Le crash-test de l'étiquette
Les chercheurs ont confronté les emballages à la composition réelle. Verdict sans appel: la moyenne d'ingrédients par référence grimpe à 51, contre 16 officiellement listés. Quatre substances non déclarées et préoccupantes se faufilent en moyenne dans chaque flacon. Plus frappant encore, 26% des produits portant les mentions « non-toxique », « sans parfum » ou « hypoallergénique » affichent précisément les composés qu'ils prétendent exclure. Certaines huiles de coco, par exemple, seraient enrichies d'allyl cyclohexylpropionate pour en rehausser le parfum — sans que cela apparaisse nulle part sur l'étiquette.
Jenny Hua, co-autrice de l'étude, résume l'enjeu: « Les consommateurs ne devraient pas avoir besoin d'un laboratoire de chimie pour savoir ce qu'ils rapportent chez eux ou appliquent sur leur peau. »
Seul rayon qui sort indemne: le soin buccal, classé comme médicament en vente libre aux États-Unis et donc soumis à une régulation autrement plus stricte que celle des cosmétiques.
Côté plateau, trois réflexes non négociables
Quand on estompe un fond de teint huit heures sous les spots, on n'a pas le droit à l'à-peu-près. Cette étude nous le rappelle brutalement: une promesse « clean » non tenue peut finir en réaction cutanée sur un visage qu'on ne maîtrise plus. Trois réflexes à adopter dès la prochaine séance:
- Exiger des marques la composition intégrale, parfum compris, pas seulement la liste INCI tronquée.

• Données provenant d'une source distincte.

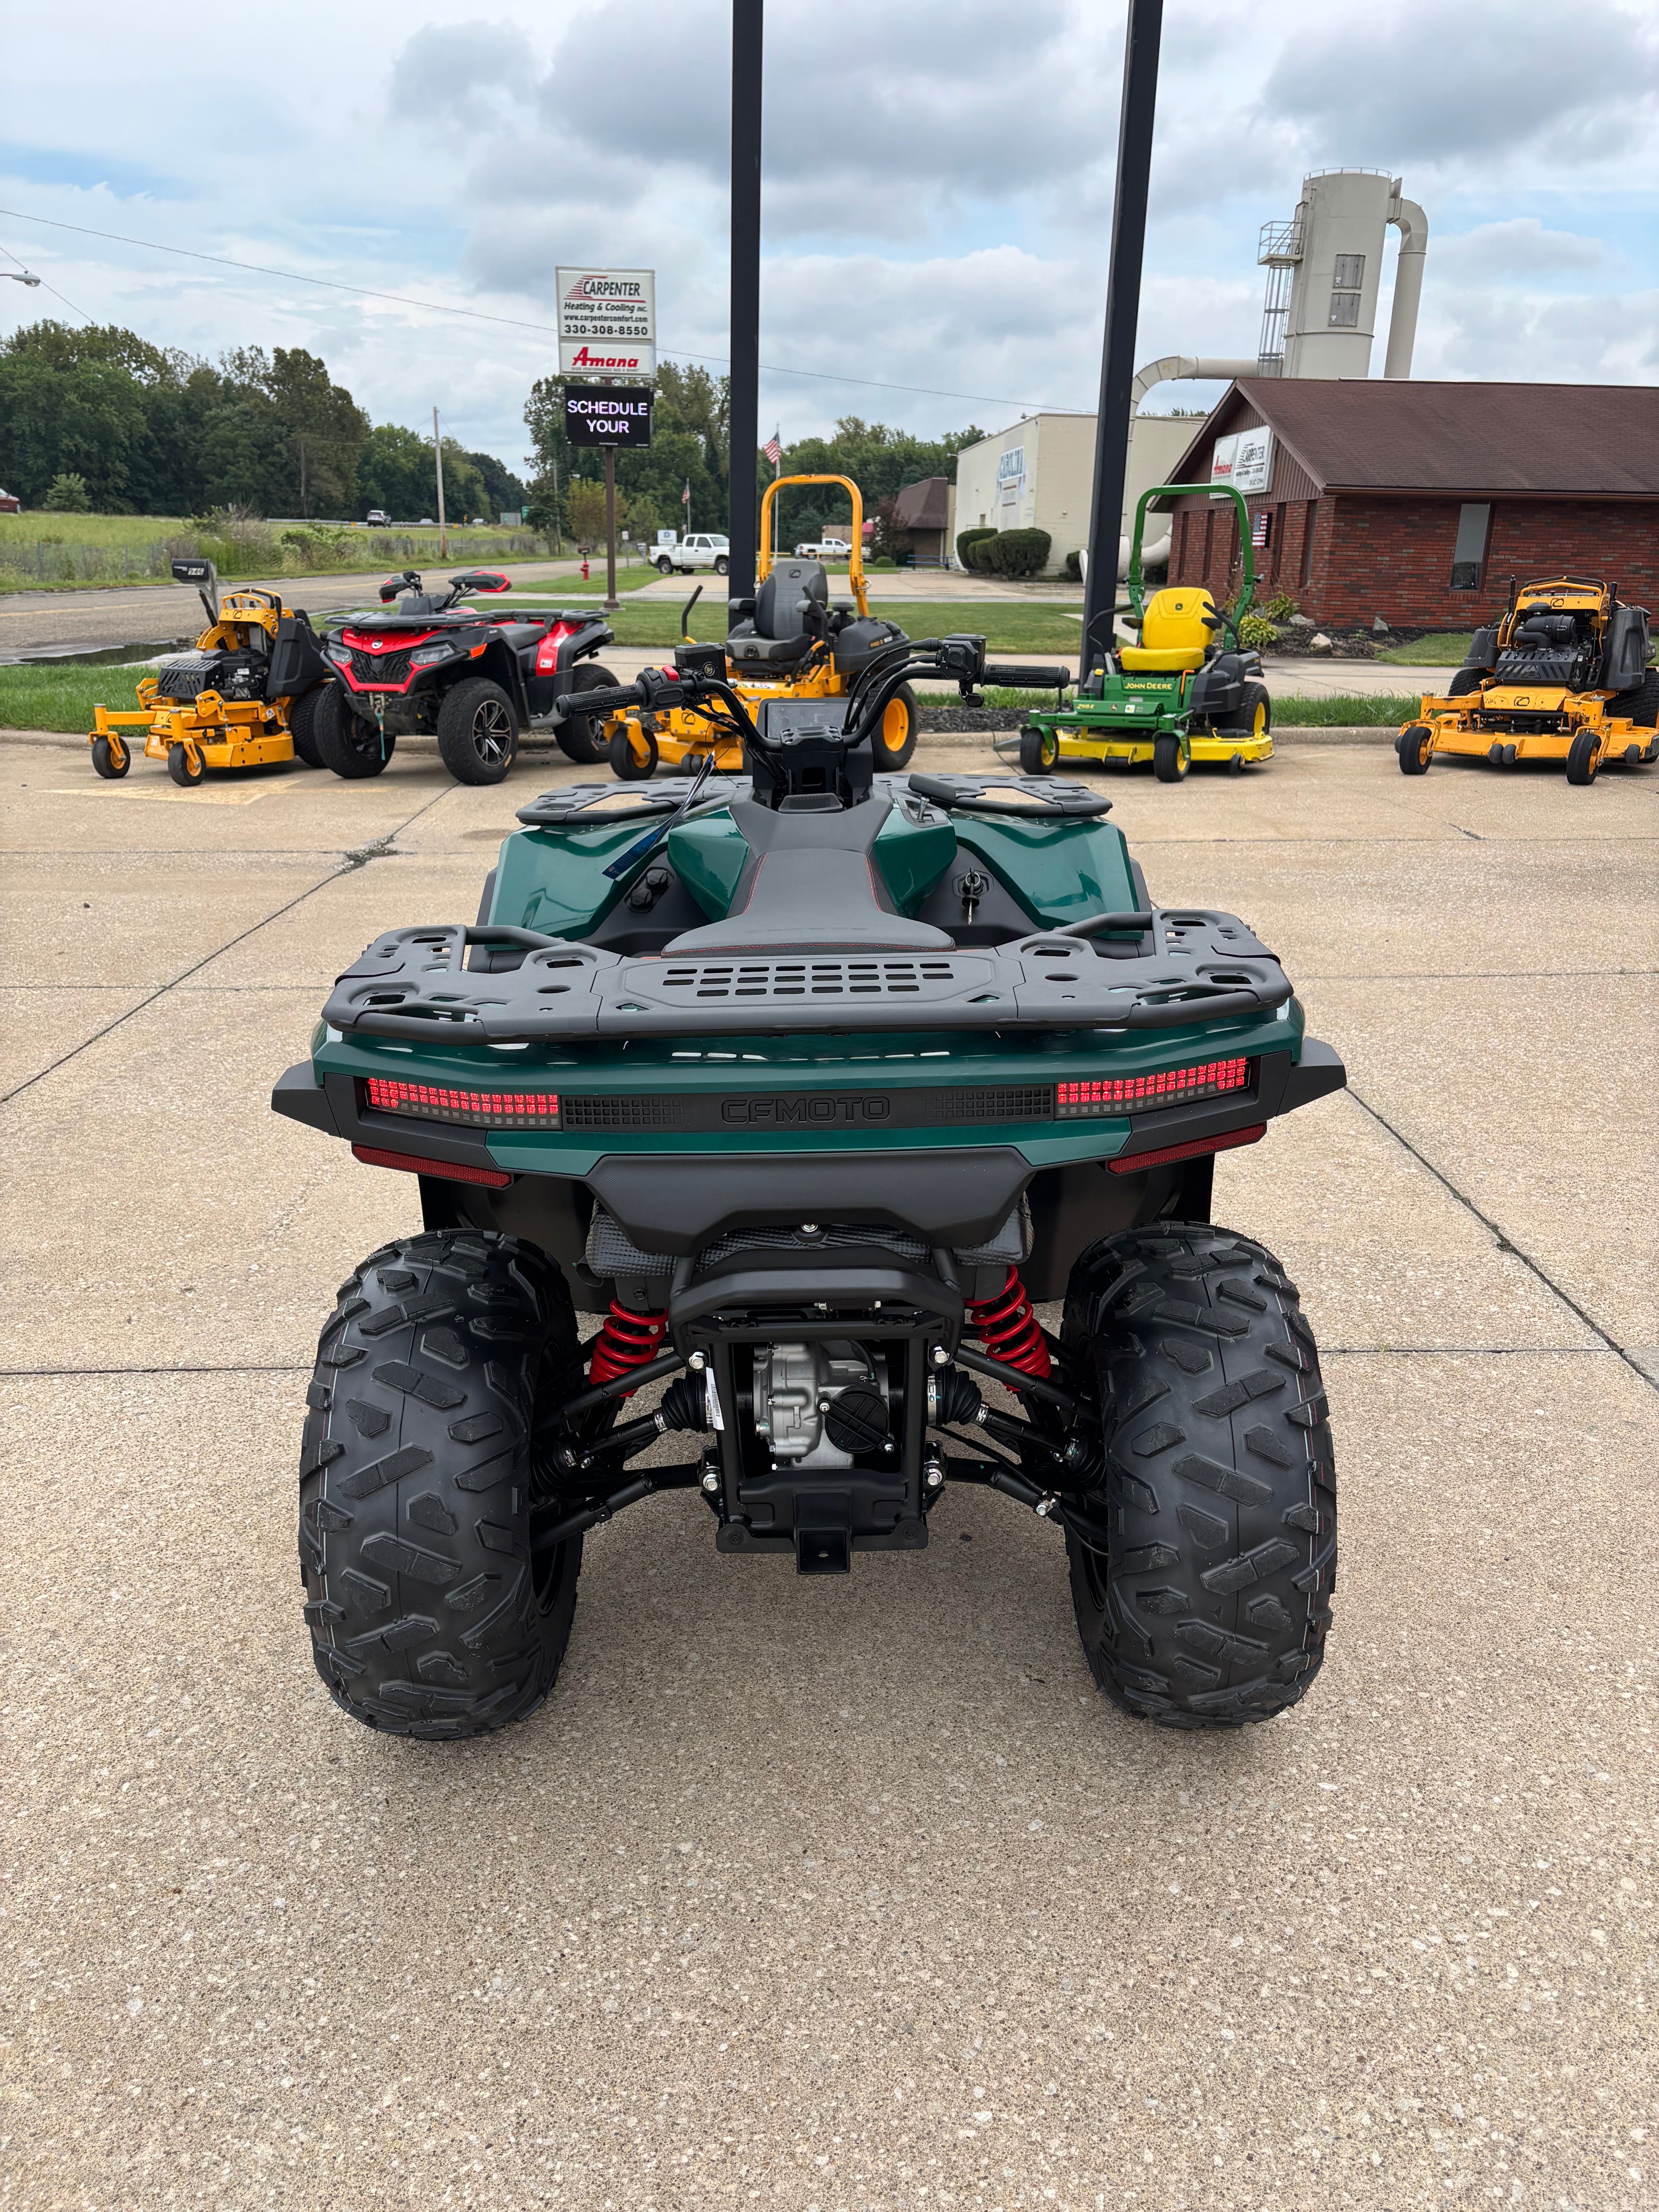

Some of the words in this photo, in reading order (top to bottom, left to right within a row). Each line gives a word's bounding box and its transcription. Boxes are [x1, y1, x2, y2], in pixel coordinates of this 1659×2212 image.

[583, 281, 640, 296] CARPENTER
[564, 302, 595, 313] Heating
[605, 303, 635, 313] Cooling
[572, 347, 639, 368] Amana
[567, 400, 648, 416] SCHEDULE
[586, 419, 630, 433] YOUR
[721, 1096, 890, 1124] CFMOTO
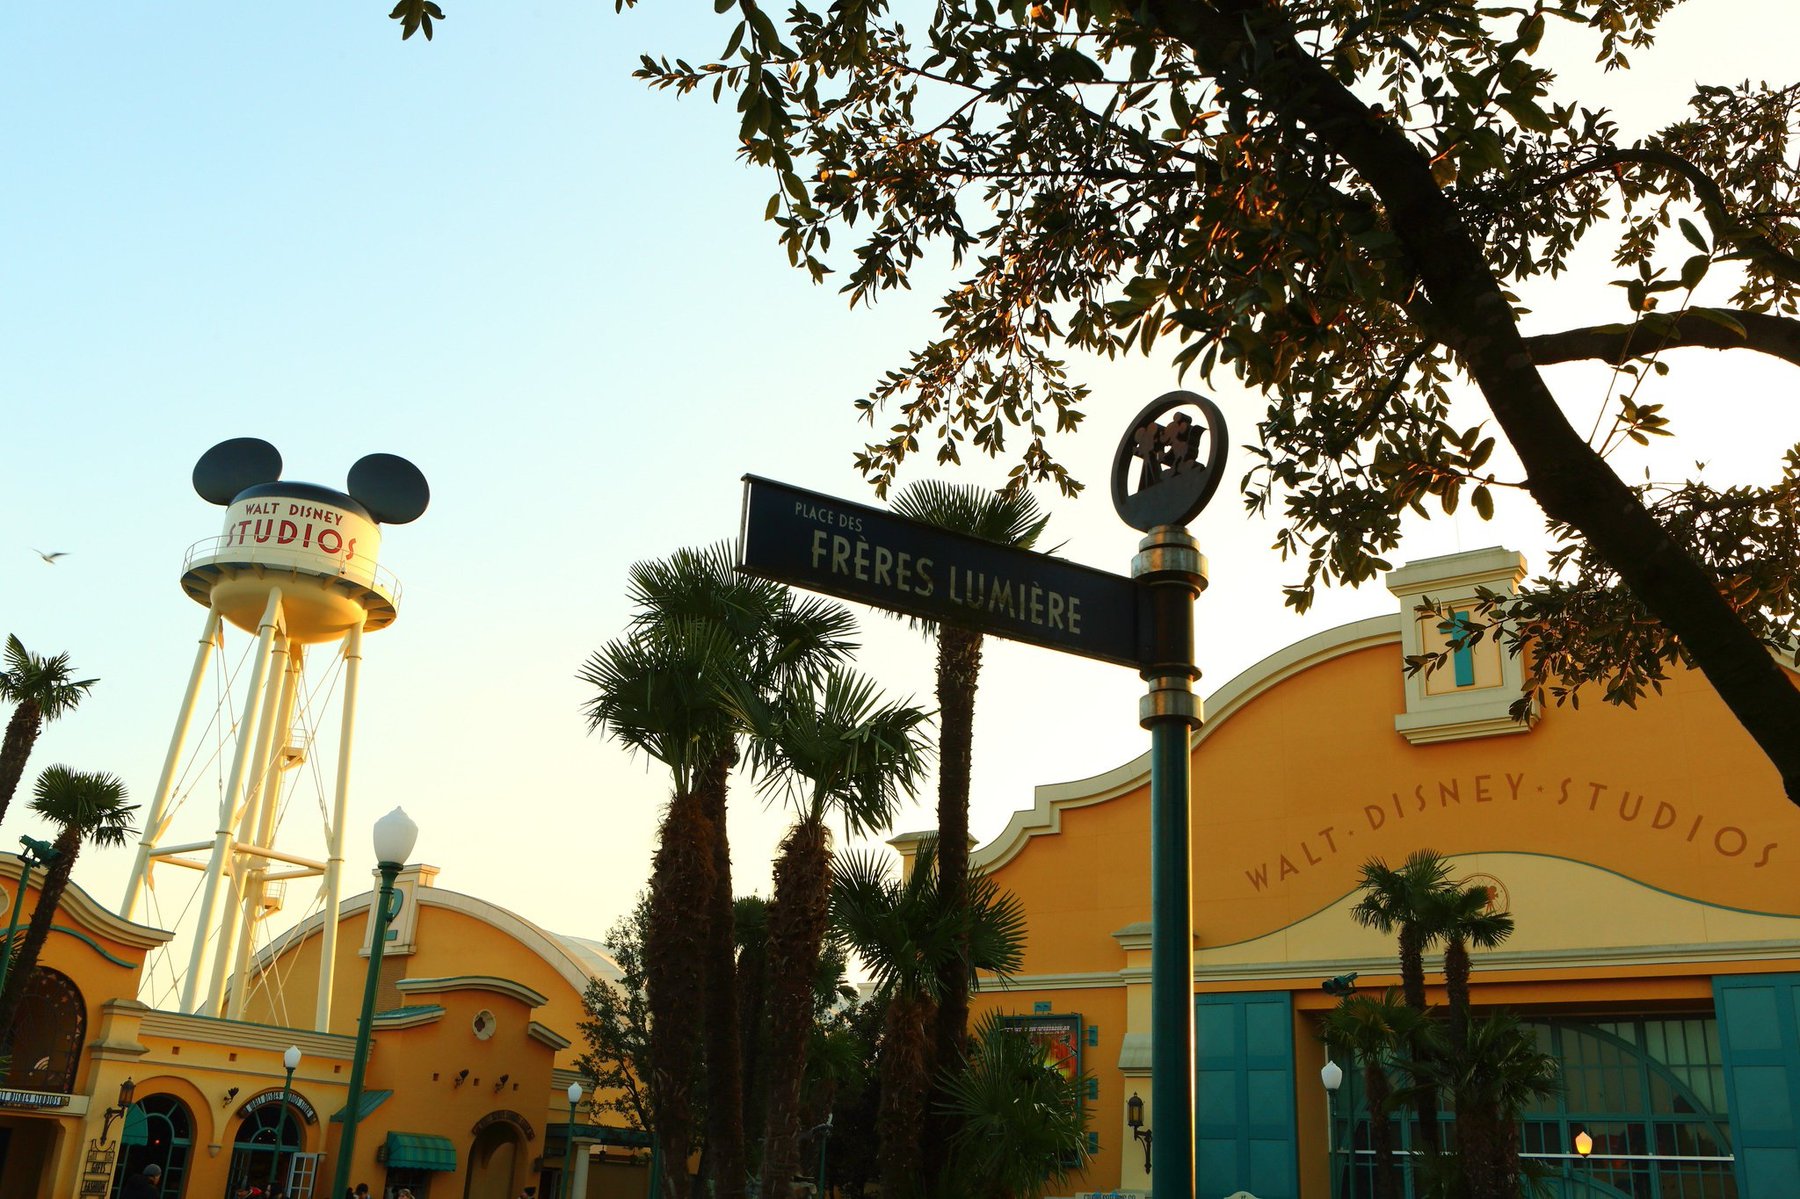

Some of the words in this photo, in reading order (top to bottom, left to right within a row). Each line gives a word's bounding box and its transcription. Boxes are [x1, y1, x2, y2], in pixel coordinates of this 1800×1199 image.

[245, 502, 280, 516] WALT
[289, 503, 344, 526] DISNEY
[795, 502, 834, 525] PLACE
[839, 514, 863, 532] DES
[226, 518, 357, 561] STUDIOS
[811, 529, 934, 598] FRÈRES
[949, 565, 1082, 635] LUMIÈRE
[1244, 826, 1341, 893] WALT
[1363, 772, 1526, 832] DISNEY
[1557, 777, 1779, 868] STUDIOS
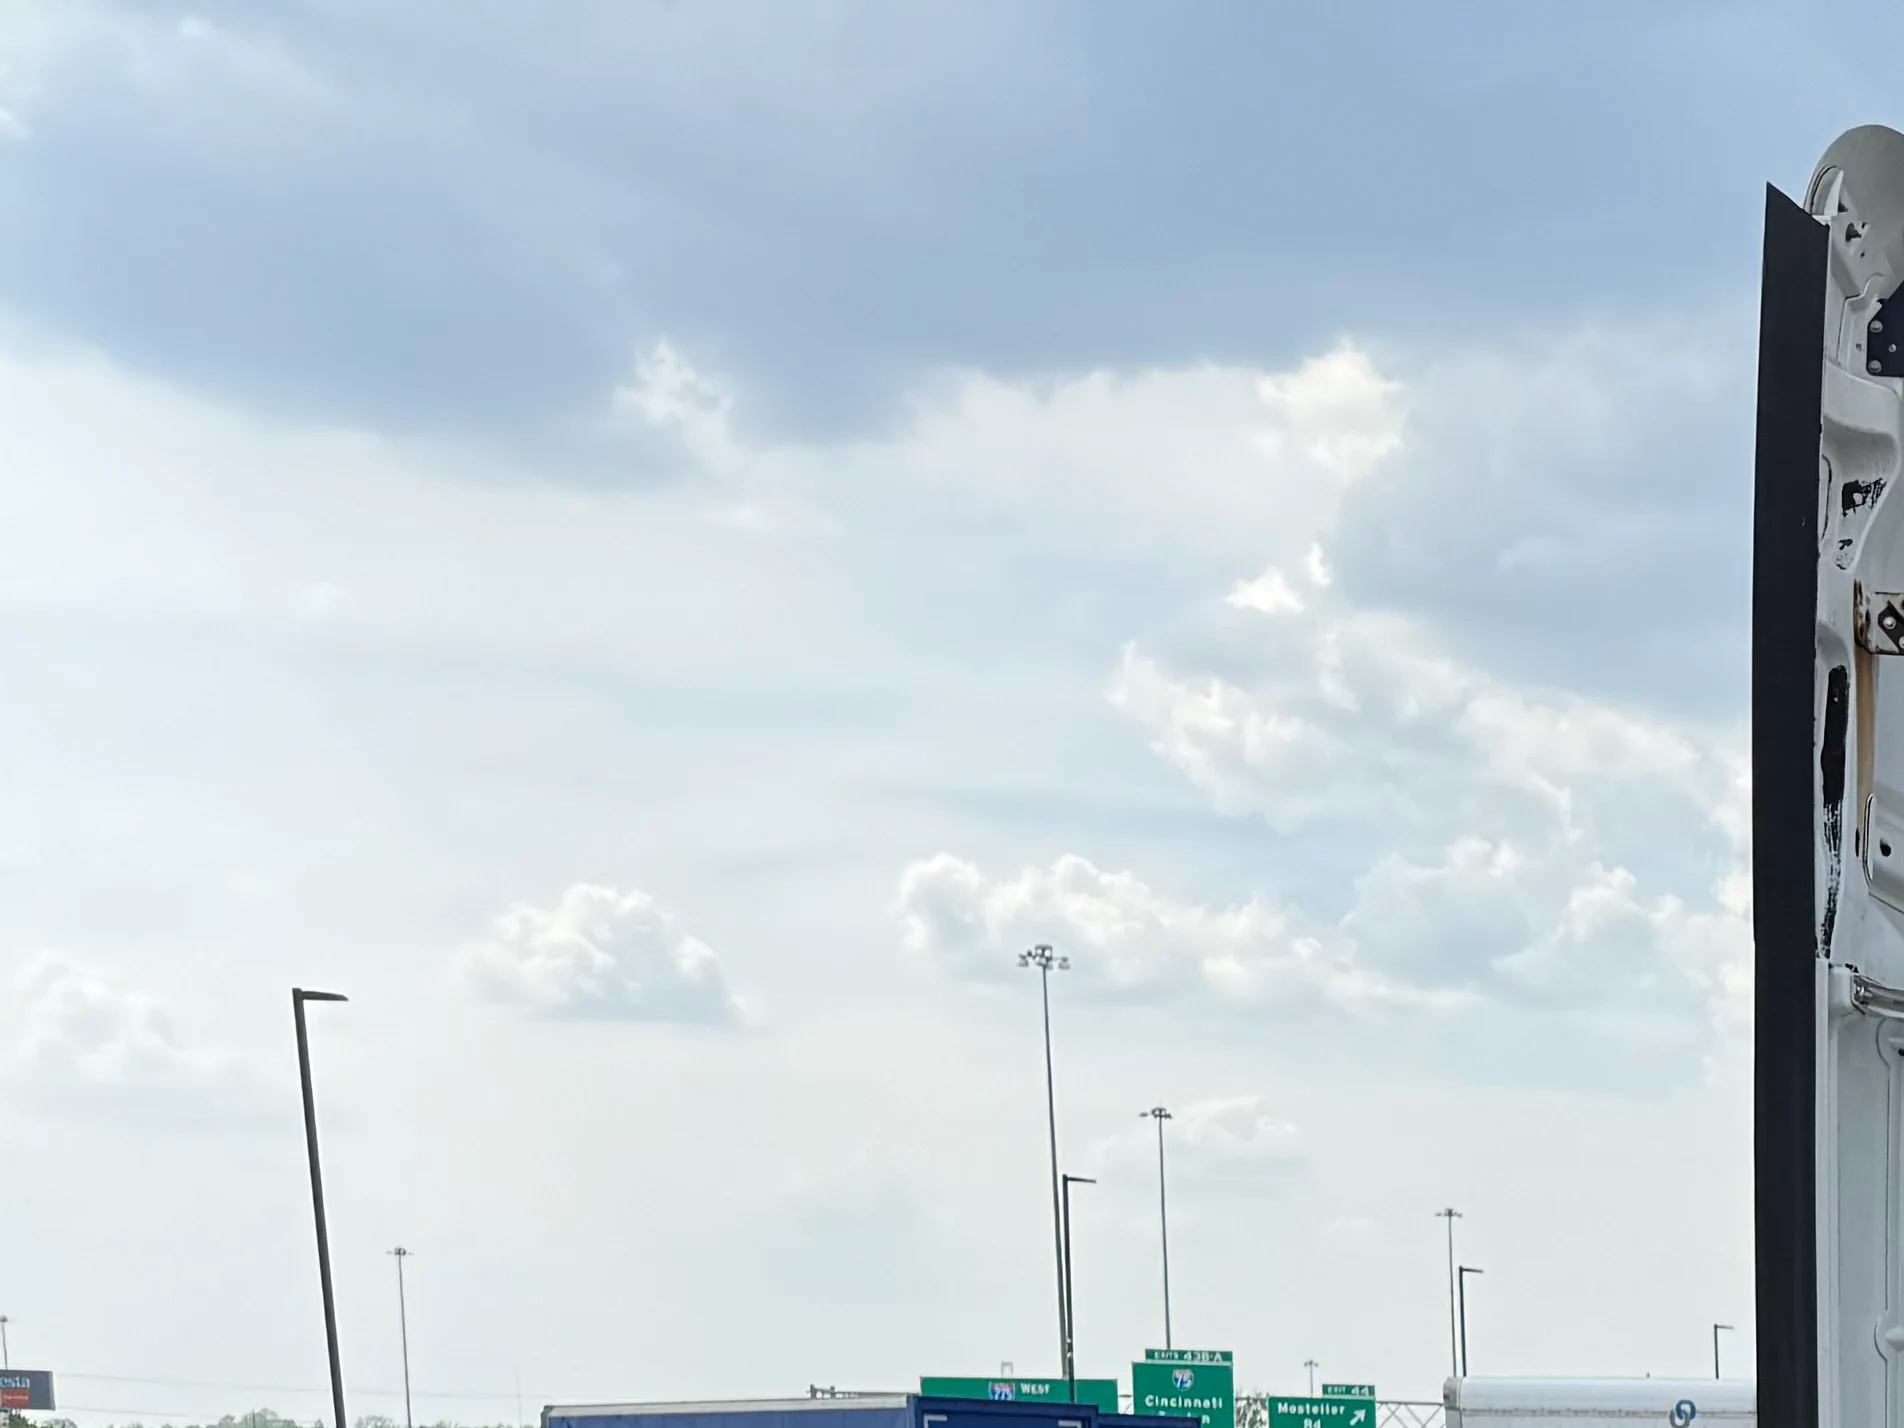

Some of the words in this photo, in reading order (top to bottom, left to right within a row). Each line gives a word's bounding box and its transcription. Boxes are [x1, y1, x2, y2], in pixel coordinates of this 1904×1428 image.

- Se méfier des mentions rassurantes (« naturel », « clean », « dermatologique ») dépourvues de certification tierce identifiable.
- Procéder à un test dans le pli du coude 48 heures avant toute pose sur un nouveau client, surtout sur peaux réactives.
Pour les pros comme pour les particuliers, la règle est désormais la même: on ne croit plus l'étiquette, on vérifie la formulation complète.
Ados et réseaux: la cible facile
Un volet complémentaire, relayé par StudyFinds et publié dans le Journal of Exposure Science and Environmental Epidemiology, s'inquiète des 143 lycéennes new-jerseyeuses qui empilent en moyenne 14 produits par jour — autant qu'une femme adulte. Moins d'une sur cinq prend le temps de lire une étiquette. Le lien avec les réseaux sociaux est direct: suivre une influenceuse qui vend sa propre ligne pousse à 30% de produits supplémentaires; regarder des tutoriels beauté, à 40% de plus. Instagram, YouTube, TikTok, Snapchat — le terrain de jeu favori d'une consommation qui ne se relit jamais.
À surveiller dans la même veine: la tendance du « fruit makeup » viral, sur laquelle Grazia relaie la mise en garde d'un dermatologue. Poser des fruits frais sur la peau n'a aucun fondement scientifique et peut provoquer de sérieuses irritations. Encore une promesse TikTok qui ne tient pas sous la lumière.
Sur le front réglementaire, les auteurs de l'étude appellent à un encadrement similaire à celui des médicaments OTC pour l'ensemble des cosmétiques. Une évolution qui changerait la donne pour les marques vraiment transparentes — et qui rendrait la vie dure à celles qui prospèrent sur l'ambiguïté.